— What to work on —
Please copy every record below exactly, leaving out the pictures.

— Records provided —

_ _ _ _

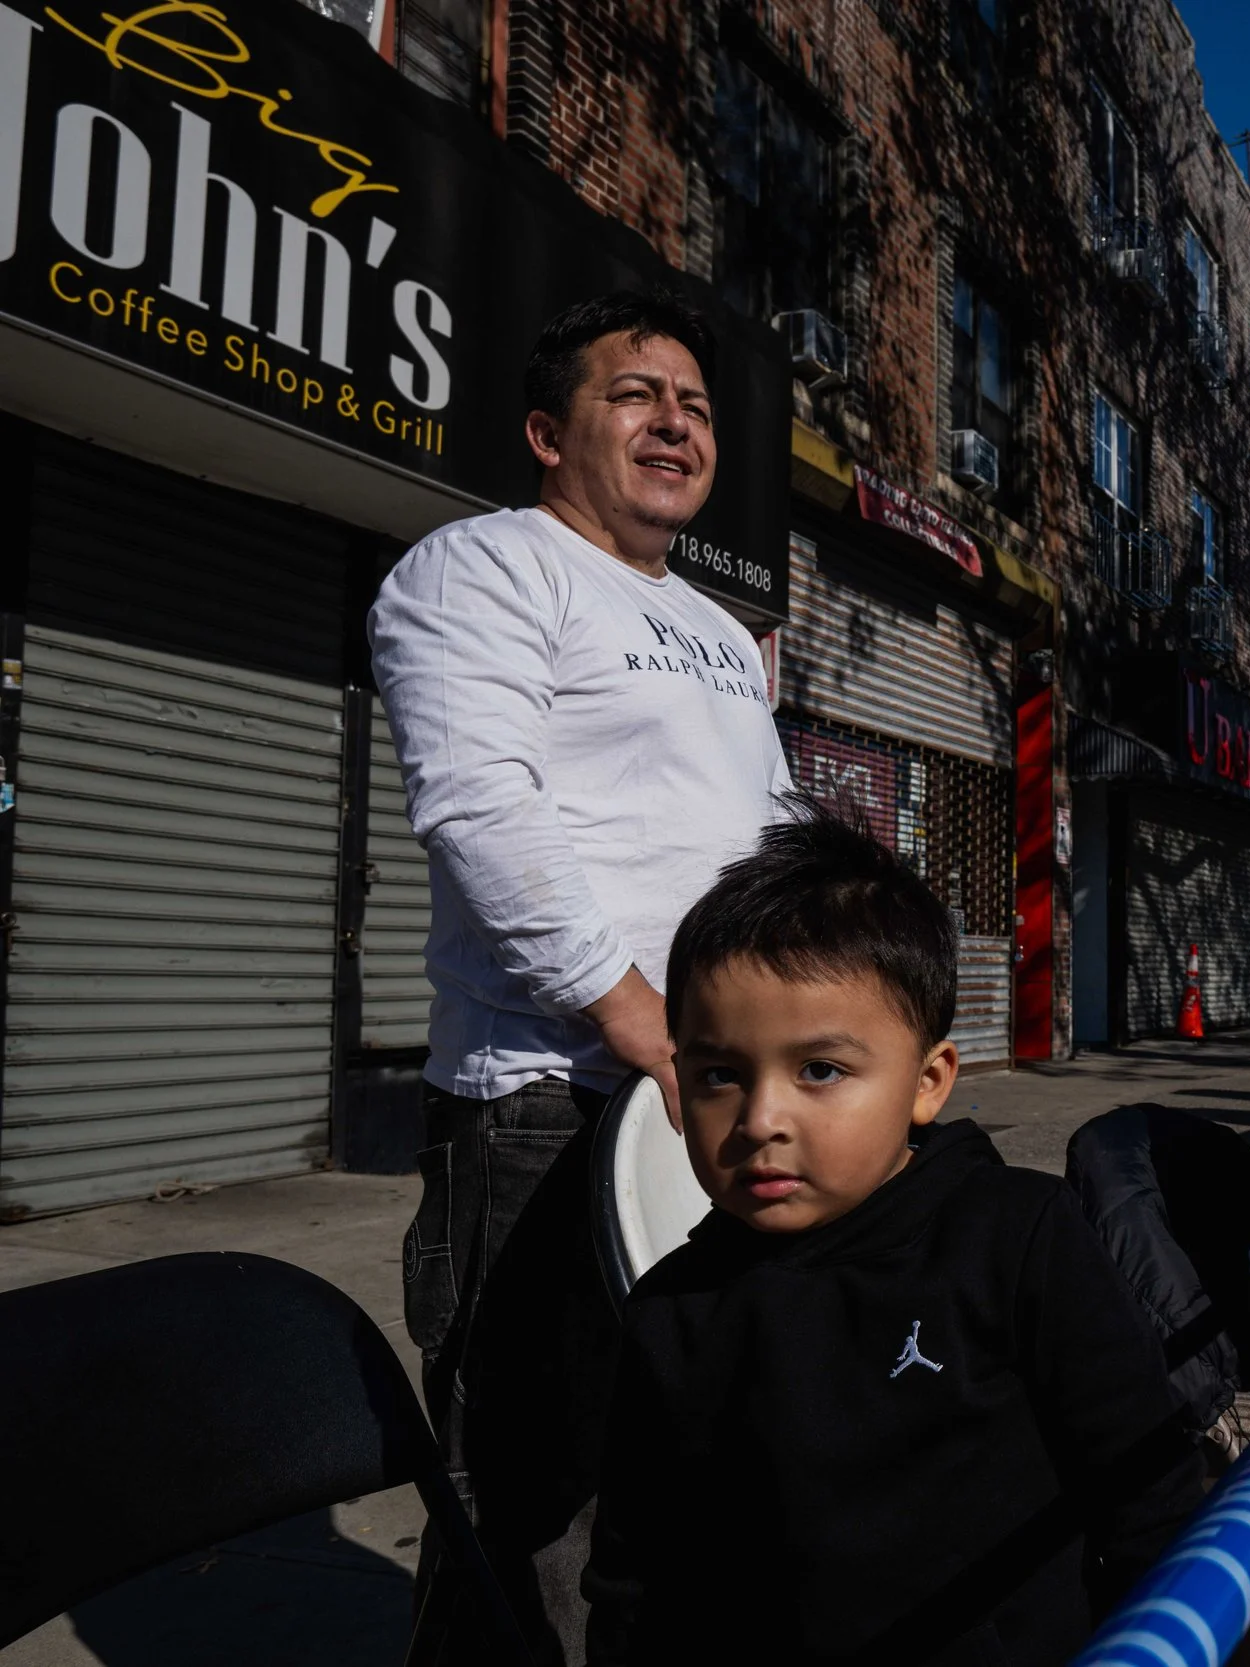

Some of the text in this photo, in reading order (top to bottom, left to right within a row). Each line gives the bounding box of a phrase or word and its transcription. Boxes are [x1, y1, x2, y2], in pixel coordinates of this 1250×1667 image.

[45, 0, 399, 218] Big
[0, 3, 452, 410] John's
[49, 261, 444, 455] Coffee Shop & Grill
[624, 653, 705, 683] RALPH
[640, 612, 746, 674] POLO

_ _ _ _

— Solution to the problem —
Some of the text in this photo, in reading order (top to bottom, left to right within a row). Each line gives the bounding box of a phrase or word and its transcription. Boxes are [x1, y1, x2, y2], in pixel coordinates of this 1250×1667 image.

[45, 0, 399, 218] Big
[0, 3, 452, 410] John's
[49, 261, 444, 455] Coffee Shop & Grill
[624, 653, 705, 683] RALPH
[640, 612, 746, 674] POLO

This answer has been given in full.